“Ini beneran kita boleh milih apa saja?”
Riki terlihat bersemangat sekali ketika di suruh memilih menu makanan yang ada di sana.
Setelah Takeshi pergi meninggalkan kami, Miyuki pun mentraktir kami untuk makan di sebuah restoran cepat saji yang tidak jauh dari sana. Awalnya aku ragu kalau dia jadi mentraktir kami, karena mana mungkin dia punya duit sebanyak itu. Iya kan?
“Silahkan, anggap saja ini balasanku untuk kalian atas apa yang kalian lakukan.”
“Kalau begitu aku tidak akan sungkan.”
Riki langsung memesan menu yang harganya lumayan mahal menurutku. Kalau aku jadi Riki, aku tidak akan memesan menu itu, bagaimana kalau dia tidak punya uang yang cukup untuk membayar makanan yang kita pesan?
“Ini kamu serius? Memangnya kamu ada uang?”
Aku tidak enak jika harus ditraktir oleh Miyuki, lagi pula kami baru saja bertemu dan kenalan tadi.
“Tenang saja, aku membawa kartu debit kok.”
“Kalau boleh tau sekarang kamu kelas berapa?”

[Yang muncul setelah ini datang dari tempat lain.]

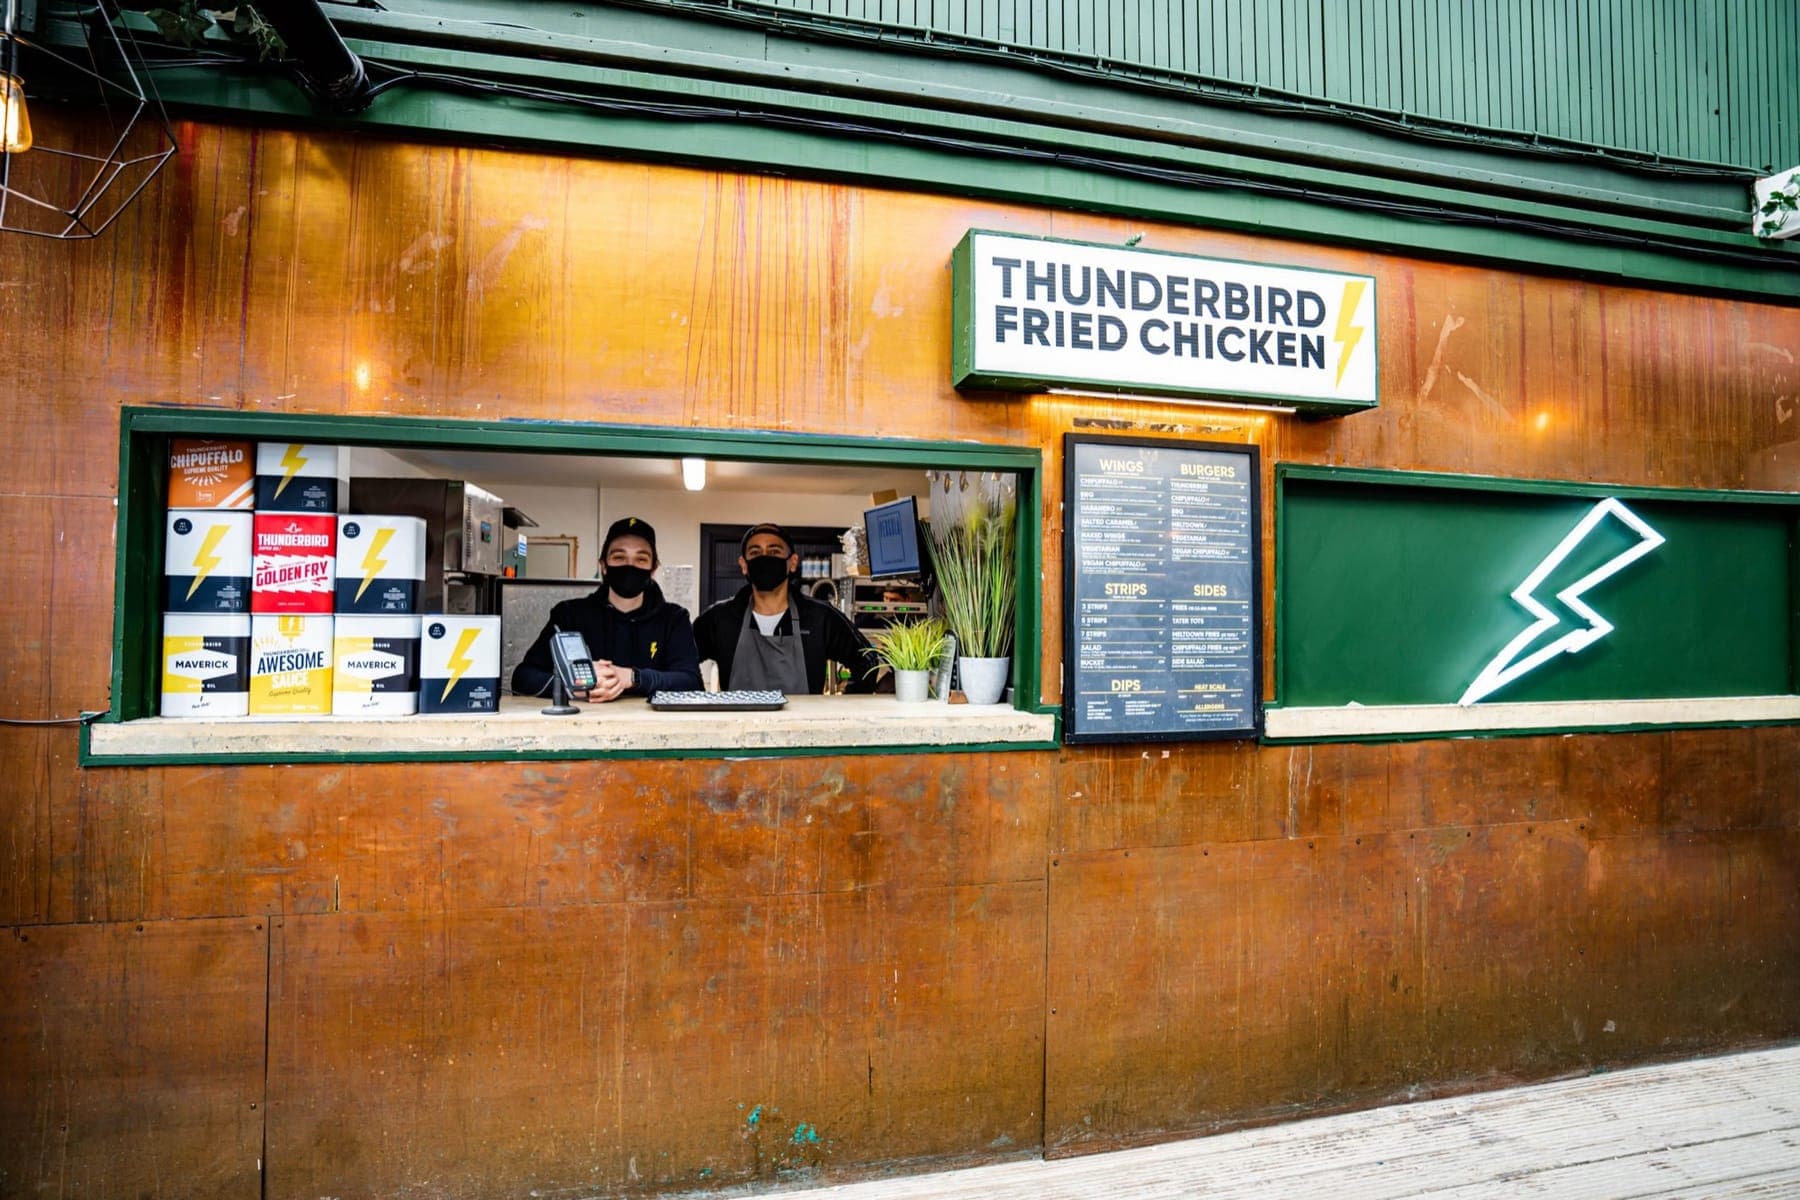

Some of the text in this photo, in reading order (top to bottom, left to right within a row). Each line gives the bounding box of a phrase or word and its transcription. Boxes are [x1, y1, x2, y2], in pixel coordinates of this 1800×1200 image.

[992, 256, 1326, 329] THUNDERBIRD
[995, 305, 1326, 370] FRIED CHICKEN
[170, 449, 243, 468] CHIPUFFALO
[1099, 459, 1144, 472] WINGS
[1180, 464, 1235, 478] BURGERS
[258, 533, 329, 547] THUNDERBIRD
[256, 566, 302, 586] GOLDEN
[304, 560, 328, 578] FRY
[1105, 583, 1148, 595] STRIPS
[1194, 584, 1227, 596] SIDES
[175, 660, 228, 669] MAVERICK
[257, 650, 324, 674] AWESOME
[347, 661, 396, 669] MAVERICK
[272, 672, 308, 689] SAUCE
[1111, 680, 1141, 691] DIPS

“Aku masih kelas tiga SMP.”
Apa kau bercanda? Seorang pelajar kelas tiga SMP sudah memiliki kartu debit. Apa uang jajan lima ribu per hari sudah membuat dia sekaya itu?
Aku rasa uang jajannya tidak mungkin lima ribu per hari sepertiku, pasti dia anak orang kaya, tidak salah lagi, ponsel yang digunakan saja model terbaru yang masih jarang digunakan orang-orang.
Beruntung sekali aku berteman dengannya, apa aku perlu memanfaatkannya?
“Kalau begitu kita sepantaran.”
Aku pun tersenyum kepadanya. Walaupun niat awalku jahat untuk memanfaakannya, tapi setidaknya aku tau kalau dia dapat mentraktir kami. Kami pun memesan makanan dan langsung menuju ke meja yang kosong sambil membawa makanan kami.
“Oh iya… Aku belum memperkenalkan diriku kepada kalian.”
“Tapi kan kami sudah tau namamu.”
“Benar juga ya… Tapi biarkan aku memperkenalkan namaku lagi.”
Perempuan yang merepotkan.
“Perkenalkan sekali lagi, namaku Kotobuki Miyuki. Mungkin kalian bertanya mengapa namaku terdengar seperti orang Jepang, karena aku masih ada keturunan dari sana.”
Hmmm... Jadi dia masih memiliki darah sana, pantas saja wajahnya terlihat seperti orang sana.
“Ibumu atau Bapakmu yang keturunan sana?”
Aku langsung bertanya kepadanya untuk memuaskan rasa penasaranku sebelumnya, sedangkan Riki masih sibuk dengan makanannya.
“Papaku yang keturunan asli sana.”
“Apa kau bisa berbahasa Jepang?”
“Tentu, karena aku bersekolah di sekolah khusus.”
Pantas saja teman-temannya memiliki wajah Asia Timur sepertinya.
“Kalau kalian bersekolah di mana?”
Sekarang giliran Miyuki yang bertanya kepada kami.
“Kalau kami bersekolah di SMP Cibubur.”
“SMP Cibubur! Sekolah itu dekat sekali dengan rumahku.”
“Ohh berarti rumahmu dekat dengan rumah kami.”
Tiba-tiba ponsel milik Riki berdering.
“Halo Assalamualaikum… Iya… Hmmm… Sebentar lagi aku akan menuju ke sana.”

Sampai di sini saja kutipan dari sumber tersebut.